Jury Denies Property Insurance Claim

April 16, 2008

After deliberating for three hours, a jury in California has denied an insurance claim because the property damaged was exaggerated, according to the law firm MacGregor & Berthel.

Reddy v. Allstate Insurance Co. involved a claim resulting from the Feb. 14, 2003 Bell Canyon, Calif., Fire, on which the carrier promptly paid more than $380,000 for lost rents and structure damage to the 3,000 square-foot, single-level residence, the law firm explained.

The problem, however, was that Allstate believed the insureds embellished their insurance claim by exaggerating – or fabricating – their report of damage to its contents, the law firm indicated. When the carrier dug into the claim for contents damage — four-and-a-half months after the insureds and their attorney were provided with a detailed inventory of contents prepared by the adjuster as she toured the burned remains of the house with the homeowner, the insureds added a claim for $245,000 worth of exotic artwork, statuary, hand-loomed carpets and unspecified antiques.

The claim for those additional items, which included about 50 framed oil paintings, 10 large solid rosewood statues and 10 Kashmere carpets, was not supported by the after-fire debris seen and photographed at the site, the insurer indicated. And, by the time the claim was asserted, the insureds had unilaterally demolished the structure and carted all debris away. So a Special Investigations Unit adjuster took over.

Although the insureds gave a recorded statement, months of attempts by Allstate to conduct examinations under oath (EUO) came to naught when the insureds’ attorney notified the carrier that the insureds would not appear as scheduled and, in fact, had no intention of appearing until their still-disputed claim on the structure was resolved, the law firm said.

After Allstate made several further unsuccessful attempts to secure the insureds’ EUOs, Allstate denied the claim. The insureds then filed the lawsuit for breach of contract and bad faith.

The action proceeded in the Ventura County, Calif., Superior Court, with the following issues being evaluated:
(1) Whether the contents claim for an amount in excess of policy limits of $236,000, was valid.

(2) Whether the plaintiffs were entitled to be paid more than the face limit of $315,000 plus code upgrades and debris removal that Allstate had paid less than three months after the fire.

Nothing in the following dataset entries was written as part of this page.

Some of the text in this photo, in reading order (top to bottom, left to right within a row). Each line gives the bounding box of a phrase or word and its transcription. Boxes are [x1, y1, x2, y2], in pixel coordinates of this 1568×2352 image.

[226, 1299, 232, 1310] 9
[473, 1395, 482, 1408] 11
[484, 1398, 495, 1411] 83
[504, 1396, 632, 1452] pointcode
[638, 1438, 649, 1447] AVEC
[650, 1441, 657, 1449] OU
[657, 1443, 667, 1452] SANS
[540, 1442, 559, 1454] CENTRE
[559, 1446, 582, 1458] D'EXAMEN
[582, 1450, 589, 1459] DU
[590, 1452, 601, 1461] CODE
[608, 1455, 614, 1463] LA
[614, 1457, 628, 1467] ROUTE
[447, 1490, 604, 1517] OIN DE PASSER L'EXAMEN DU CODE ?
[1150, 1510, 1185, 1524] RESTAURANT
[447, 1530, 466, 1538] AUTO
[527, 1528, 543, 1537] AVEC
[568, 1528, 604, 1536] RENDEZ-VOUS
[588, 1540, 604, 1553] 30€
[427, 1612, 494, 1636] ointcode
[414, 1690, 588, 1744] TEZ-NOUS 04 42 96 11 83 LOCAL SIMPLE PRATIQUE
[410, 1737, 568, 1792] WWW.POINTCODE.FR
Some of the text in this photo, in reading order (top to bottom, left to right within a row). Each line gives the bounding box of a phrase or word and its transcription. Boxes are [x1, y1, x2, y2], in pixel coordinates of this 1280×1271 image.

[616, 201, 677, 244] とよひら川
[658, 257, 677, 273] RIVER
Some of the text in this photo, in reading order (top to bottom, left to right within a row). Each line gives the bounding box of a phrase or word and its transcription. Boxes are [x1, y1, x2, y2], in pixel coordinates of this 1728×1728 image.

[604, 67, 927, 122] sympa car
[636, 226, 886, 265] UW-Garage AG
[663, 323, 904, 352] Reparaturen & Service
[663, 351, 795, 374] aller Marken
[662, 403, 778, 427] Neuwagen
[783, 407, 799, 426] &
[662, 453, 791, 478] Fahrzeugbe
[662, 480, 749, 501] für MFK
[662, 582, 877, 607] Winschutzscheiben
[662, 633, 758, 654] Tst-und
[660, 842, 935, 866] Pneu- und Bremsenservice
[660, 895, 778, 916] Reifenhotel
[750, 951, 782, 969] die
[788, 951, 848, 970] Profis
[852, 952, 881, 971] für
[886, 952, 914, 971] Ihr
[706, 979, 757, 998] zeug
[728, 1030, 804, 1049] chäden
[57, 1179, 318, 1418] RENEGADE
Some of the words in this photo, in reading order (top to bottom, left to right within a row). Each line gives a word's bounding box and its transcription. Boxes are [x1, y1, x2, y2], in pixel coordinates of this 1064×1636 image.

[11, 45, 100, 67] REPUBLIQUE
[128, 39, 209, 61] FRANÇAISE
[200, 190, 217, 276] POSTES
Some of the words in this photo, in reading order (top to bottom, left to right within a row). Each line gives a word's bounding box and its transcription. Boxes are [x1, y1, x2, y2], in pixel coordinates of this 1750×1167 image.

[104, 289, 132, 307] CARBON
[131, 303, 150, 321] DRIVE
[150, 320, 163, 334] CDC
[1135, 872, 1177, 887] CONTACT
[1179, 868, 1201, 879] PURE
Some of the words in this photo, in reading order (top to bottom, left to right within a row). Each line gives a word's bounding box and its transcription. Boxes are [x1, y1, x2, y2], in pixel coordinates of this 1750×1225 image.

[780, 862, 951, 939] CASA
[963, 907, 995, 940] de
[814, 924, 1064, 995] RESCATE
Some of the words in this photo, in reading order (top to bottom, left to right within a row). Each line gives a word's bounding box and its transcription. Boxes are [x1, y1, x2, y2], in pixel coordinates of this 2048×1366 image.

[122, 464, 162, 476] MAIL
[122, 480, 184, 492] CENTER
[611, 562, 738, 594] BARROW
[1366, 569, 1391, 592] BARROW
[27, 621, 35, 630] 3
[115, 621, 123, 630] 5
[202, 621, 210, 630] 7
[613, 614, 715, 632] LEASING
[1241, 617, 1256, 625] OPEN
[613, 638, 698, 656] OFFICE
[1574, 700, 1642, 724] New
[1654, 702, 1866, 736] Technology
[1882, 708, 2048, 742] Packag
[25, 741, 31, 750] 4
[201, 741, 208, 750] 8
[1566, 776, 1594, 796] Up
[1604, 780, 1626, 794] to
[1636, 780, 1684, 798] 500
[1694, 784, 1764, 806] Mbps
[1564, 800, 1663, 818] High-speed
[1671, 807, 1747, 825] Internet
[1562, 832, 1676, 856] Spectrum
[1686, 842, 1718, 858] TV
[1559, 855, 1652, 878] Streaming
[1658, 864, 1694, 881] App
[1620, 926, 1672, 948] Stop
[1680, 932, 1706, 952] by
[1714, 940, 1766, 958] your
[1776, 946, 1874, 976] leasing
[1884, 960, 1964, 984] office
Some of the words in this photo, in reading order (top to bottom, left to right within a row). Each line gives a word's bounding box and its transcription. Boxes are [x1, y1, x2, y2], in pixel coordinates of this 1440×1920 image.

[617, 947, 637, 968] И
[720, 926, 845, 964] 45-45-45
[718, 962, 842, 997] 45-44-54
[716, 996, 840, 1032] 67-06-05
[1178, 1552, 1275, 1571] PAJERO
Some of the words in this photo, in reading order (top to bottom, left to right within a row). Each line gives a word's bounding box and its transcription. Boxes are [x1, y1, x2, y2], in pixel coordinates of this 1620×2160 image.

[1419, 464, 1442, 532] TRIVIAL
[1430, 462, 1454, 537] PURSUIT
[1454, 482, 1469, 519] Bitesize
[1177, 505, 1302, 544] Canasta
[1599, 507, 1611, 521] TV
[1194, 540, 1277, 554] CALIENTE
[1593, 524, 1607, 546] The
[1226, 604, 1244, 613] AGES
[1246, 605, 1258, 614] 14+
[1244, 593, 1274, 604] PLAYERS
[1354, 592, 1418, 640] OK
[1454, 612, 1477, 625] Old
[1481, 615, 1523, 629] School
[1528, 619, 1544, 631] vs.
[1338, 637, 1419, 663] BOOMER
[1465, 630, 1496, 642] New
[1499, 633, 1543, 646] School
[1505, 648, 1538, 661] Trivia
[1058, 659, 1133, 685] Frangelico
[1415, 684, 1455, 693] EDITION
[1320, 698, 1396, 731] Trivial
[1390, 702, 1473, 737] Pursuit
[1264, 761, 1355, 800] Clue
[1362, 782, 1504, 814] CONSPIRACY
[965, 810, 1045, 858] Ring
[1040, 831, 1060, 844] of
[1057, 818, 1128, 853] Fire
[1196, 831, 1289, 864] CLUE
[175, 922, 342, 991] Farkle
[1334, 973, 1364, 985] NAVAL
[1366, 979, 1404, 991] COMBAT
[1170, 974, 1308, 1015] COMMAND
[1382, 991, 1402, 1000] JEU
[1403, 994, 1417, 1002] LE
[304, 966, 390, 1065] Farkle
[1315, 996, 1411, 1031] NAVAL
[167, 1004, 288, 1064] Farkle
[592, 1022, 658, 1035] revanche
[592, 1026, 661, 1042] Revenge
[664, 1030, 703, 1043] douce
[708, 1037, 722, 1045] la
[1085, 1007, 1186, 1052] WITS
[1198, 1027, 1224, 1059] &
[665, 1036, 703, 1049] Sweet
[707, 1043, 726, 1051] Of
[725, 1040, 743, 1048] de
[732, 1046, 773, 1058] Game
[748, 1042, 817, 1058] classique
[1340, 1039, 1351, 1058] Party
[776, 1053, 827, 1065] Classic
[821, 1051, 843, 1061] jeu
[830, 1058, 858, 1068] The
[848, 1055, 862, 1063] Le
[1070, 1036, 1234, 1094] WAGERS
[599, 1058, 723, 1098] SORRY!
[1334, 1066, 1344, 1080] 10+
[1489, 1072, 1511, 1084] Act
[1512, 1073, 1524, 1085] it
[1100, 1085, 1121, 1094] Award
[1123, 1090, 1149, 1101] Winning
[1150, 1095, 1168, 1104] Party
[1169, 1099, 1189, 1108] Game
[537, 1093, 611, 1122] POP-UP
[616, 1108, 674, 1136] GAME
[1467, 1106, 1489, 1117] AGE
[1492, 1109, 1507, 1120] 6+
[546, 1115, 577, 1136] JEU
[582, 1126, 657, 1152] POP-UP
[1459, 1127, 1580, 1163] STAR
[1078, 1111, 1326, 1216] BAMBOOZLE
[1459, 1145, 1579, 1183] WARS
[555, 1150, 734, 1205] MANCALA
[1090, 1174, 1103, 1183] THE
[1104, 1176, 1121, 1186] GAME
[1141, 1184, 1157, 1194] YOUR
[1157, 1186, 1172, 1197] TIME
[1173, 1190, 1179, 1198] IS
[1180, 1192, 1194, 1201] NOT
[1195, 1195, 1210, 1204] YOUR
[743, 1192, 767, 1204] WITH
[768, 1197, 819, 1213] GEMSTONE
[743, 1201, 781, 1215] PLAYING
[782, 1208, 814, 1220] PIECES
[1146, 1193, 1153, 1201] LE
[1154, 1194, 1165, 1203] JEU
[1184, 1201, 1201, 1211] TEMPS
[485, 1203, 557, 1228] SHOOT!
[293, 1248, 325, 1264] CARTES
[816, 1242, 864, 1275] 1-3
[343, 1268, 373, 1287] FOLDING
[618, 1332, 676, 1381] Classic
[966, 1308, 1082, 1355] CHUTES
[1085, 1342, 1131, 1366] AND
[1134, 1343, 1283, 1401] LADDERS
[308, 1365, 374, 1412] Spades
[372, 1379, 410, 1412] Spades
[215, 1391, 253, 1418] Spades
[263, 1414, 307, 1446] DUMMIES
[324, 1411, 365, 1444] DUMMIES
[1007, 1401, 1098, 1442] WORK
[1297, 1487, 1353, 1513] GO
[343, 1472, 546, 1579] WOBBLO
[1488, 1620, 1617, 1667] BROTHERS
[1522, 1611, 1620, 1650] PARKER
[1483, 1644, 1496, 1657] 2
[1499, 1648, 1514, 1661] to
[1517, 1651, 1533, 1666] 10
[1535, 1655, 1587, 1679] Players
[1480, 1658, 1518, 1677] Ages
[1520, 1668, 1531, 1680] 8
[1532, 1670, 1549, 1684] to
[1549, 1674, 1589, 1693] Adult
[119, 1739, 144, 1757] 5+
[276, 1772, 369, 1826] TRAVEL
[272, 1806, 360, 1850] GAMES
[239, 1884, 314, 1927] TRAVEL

At trial, Allstate questioned the plaintiffs on discrepancies between their various statements about their contents claim, citing irreconcilable factual claims made by the plaintiffs in their recorded statement, in their pre-trial depositions and in their trial testimony. On the structure claim, the carrier’s lawyers argued that the policy required payment of only the actual cash value of $315,000 (plus the code upgrades and debris removal of $23,000, also paid in 2003) unless and until the insureds did the repairs. At that point, Allstate would have paid the balance of the repair estimate it had agreed to, $395,000, the company’s lawyers said.

The plaintiffs did not dispute that they had never made the repairs. The plaintiffs argued first that Allstate was mistaken in its assessment that the house could be repaired; their experts opined that the house had to be torn down to the ground and rebuilt in its entirety, at a cost of just over $870,000. They argued, next, that the policy requirement to rebuild within six months to recover more than actual cash value had been waived by Allstate’s continuing to consider structure-related conduct well after the six-month time limit had expired, the law firm said.

Allstate moved for a nonsuit, arguing that:

(1) the structure claim could not be paid on the basis of the evidence presented because there was no dispute that the repairs had not been performed, a condition precedent to recovering anything over the actual cash value already long-since paid, and

(2) the refusal of the insureds to sit for their EUO’s was a failure of a condition precedent under the case of Brizuela v. Cal Farm Ins. Co.,116 Cal.App.4th 578, 583-587 (2004), invalidating the plaintiffs’ entire claim. The Court granted the motion in part, ruling that ADD, as a matter of law, the refusal to sit for the EUOs precluded recovery of the contents claim but not the balance of the claim, determining that the jury should decide whether the repair requirement condition had been waived.

The law firm said closing argument by plaintiffs’ counsel focused on the argument that the house could not have been repaired and that whatever “mistakes” the plaintiffs’ made in representing their contents claim – which the jury was told had been removed from the case – should not affect their right to recover on the structure part of their claim. Allstate countered that the house was repairable. The only witnesses who testified on that subject, who had actually seen the structure before the plaintiffs had unilaterally demolished it, were the adjuster and his structural engineer, both of whom found it fully repairable; failure to repair the damage precluded further payment on the claim. He argued that the misrepresentations regarding the contents claim infected the entire claim and constituted precisely the type of fraud that precludes any recovery on any aspect of the claim.

The jury agreed with Allstate, finding by 10-2 that the plaintiffs had committed fraud that precluded further recovery on any aspect of the claim, according to a statement by the law firm.